**Items listed in a dataset:**
[Start of Attachment]

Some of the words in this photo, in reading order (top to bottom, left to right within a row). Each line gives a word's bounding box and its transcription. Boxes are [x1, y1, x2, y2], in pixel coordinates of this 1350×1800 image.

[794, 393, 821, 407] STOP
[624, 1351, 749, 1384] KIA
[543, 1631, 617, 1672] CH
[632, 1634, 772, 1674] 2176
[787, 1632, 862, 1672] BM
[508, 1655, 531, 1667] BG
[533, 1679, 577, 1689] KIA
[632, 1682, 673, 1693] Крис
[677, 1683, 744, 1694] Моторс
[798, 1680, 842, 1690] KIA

[End of Attachment]

**AIM OF THE TASK:** Write out the entries above once more, without altering anything.

**WRITTEN ANSWER:**
Some of the words in this photo, in reading order (top to bottom, left to right within a row). Each line gives a word's bounding box and its transcription. Boxes are [x1, y1, x2, y2], in pixel coordinates of this 1350×1800 image.

[794, 393, 821, 407] STOP
[624, 1351, 749, 1384] KIA
[543, 1631, 617, 1672] CH
[632, 1634, 772, 1674] 2176
[787, 1632, 862, 1672] BM
[508, 1655, 531, 1667] BG
[533, 1679, 577, 1689] KIA
[632, 1682, 673, 1693] Крис
[677, 1683, 744, 1694] Моторс
[798, 1680, 842, 1690] KIA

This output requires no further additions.